Murine interstitial nephritis. VI. Characterization of the B cell response in anti-tubular basement membrane disease.

In the present study we have examined the murine B cell response in anti-tubular basement membrane (alpha TBM) disease. Whereas only certain strains of mice are susceptible to the development of interstitial lesions after immunization with heterologous renal tubular antigen, all strains make anti-tubular basement membrane antibodies (alpha TBM-Ab), and all express the 3M-1 kidney antigen which is the target of disease. The magnitude of the alpha TBM-Ab response in serum and renal eluates, measured by radioimmunoassay against crude tubular antigen or affinity-purified 3M-1, also mapped independently of susceptibility. The fine specificity of epitope binding was further analyzed using a rat monoclonal alpha 3M-1 antibody to competitively inhibit the binding of renal eluate antibody to 3M-1. Maximum inhibition among nearly all tested strains ranged from 46 to 56% with no discernible difference between susceptible and nonsusceptible mice. Idiotypic representation of renal eluate alpha TBM-Ab was then evaluated by competitive inhibition using a polymorphic anti-idiotypic antisera. All mice examined possessed almost identical competitive inhibition patterns, indicating surprisingly similar idiotypic representation. Thus, in susceptible or nonsusceptible mice, neither the quantitative alpha TBM-Ab response, the epitopic fine specificity of that response, nor the idiotype of eluted alpha TBM-Ab serve as distinguishing markers for susceptibility to interstitial injury. Finally, passive transfer experiments with high-titered (greater than 1:10,000) alpha TBM-Ab from SJL mice were performed to test the hypothesis that alpha TBM-Ab alone may be sufficient for the induction of alpha TBM disease.

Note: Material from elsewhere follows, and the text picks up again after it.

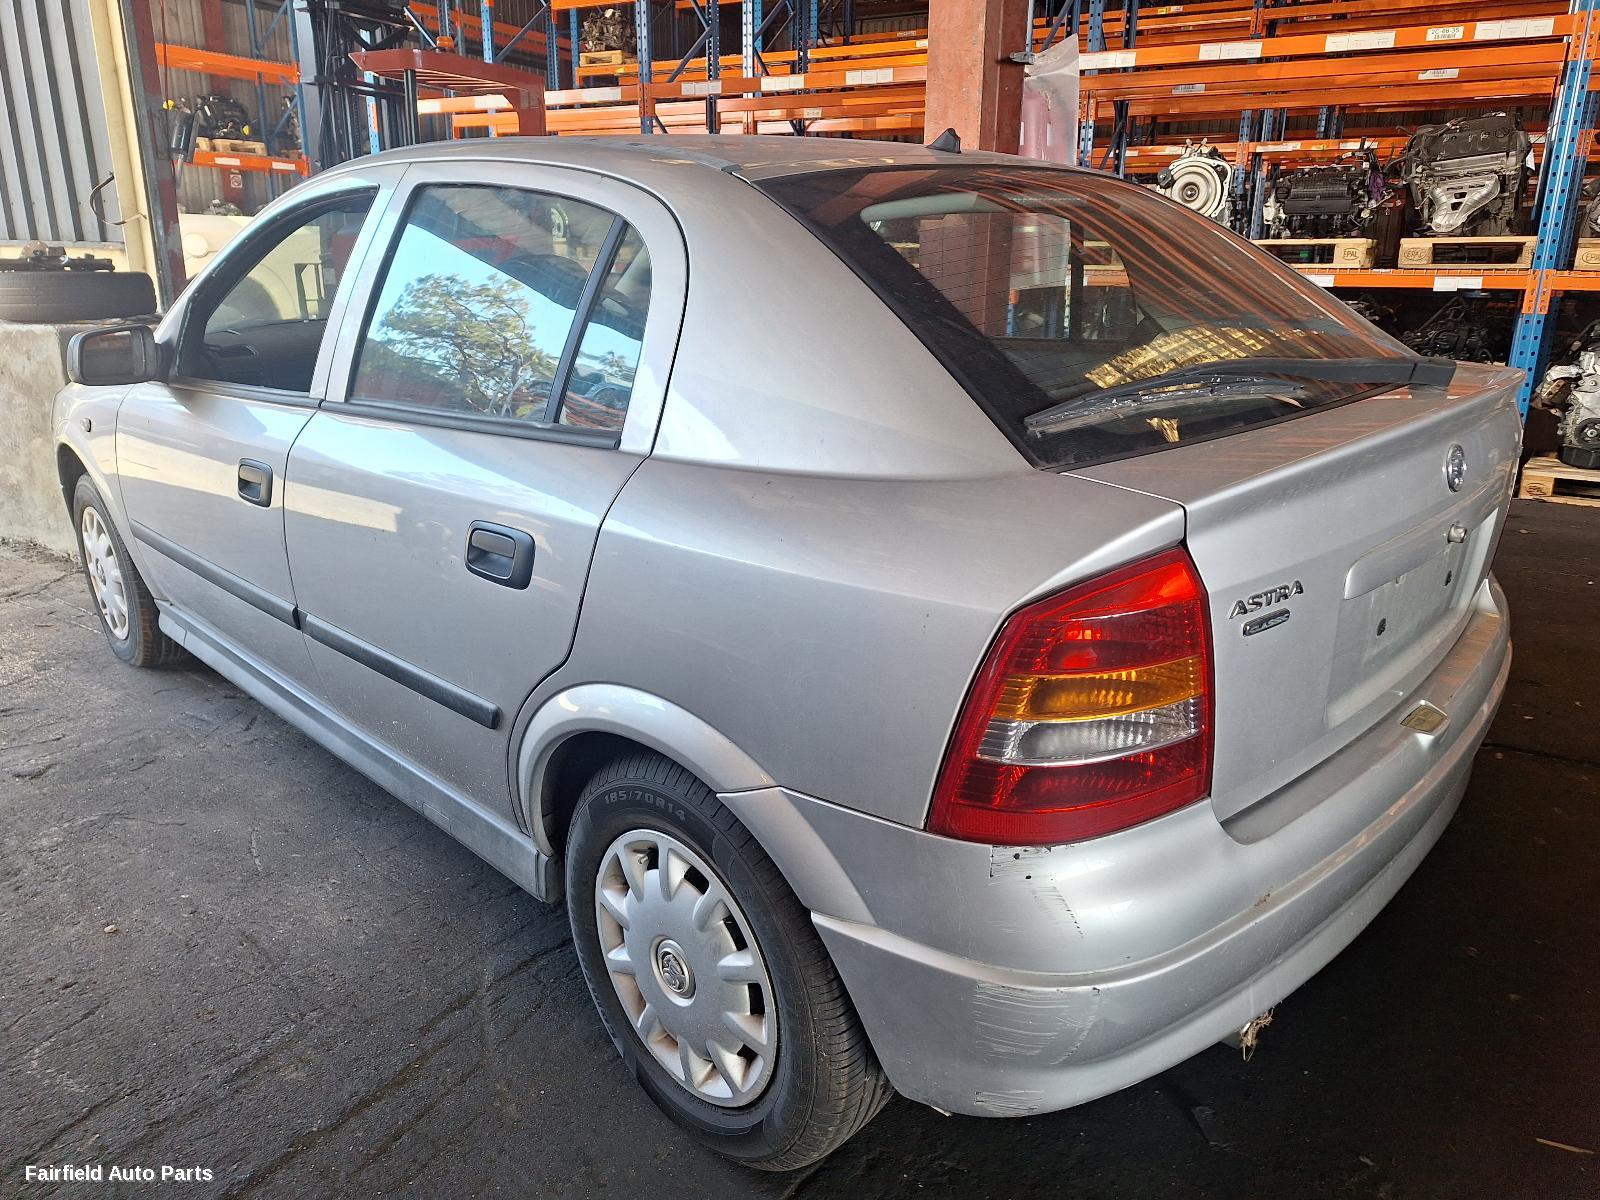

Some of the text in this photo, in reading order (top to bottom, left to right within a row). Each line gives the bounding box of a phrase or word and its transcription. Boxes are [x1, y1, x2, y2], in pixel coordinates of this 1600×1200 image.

Whereas this antiserum was capable of causing typical, severe alpha TBM disease in naive susceptible SJL mice, this treatment in allotype-identical, nonsusceptible B10.S(8R) mice was completely without effect. These data demonstrate, in conclusion, that, in the absence of appropriate susceptibility genes, alpha TBM-Ab are incapable of causing alpha TBM disease. The findings support previous observations that the ability of passively transferred alpha TBM-Ab to initiate interstitial injury is dependent on the host also expressing other susceptibility genes which promote the cooperative engagement of the cell-mediated immune response.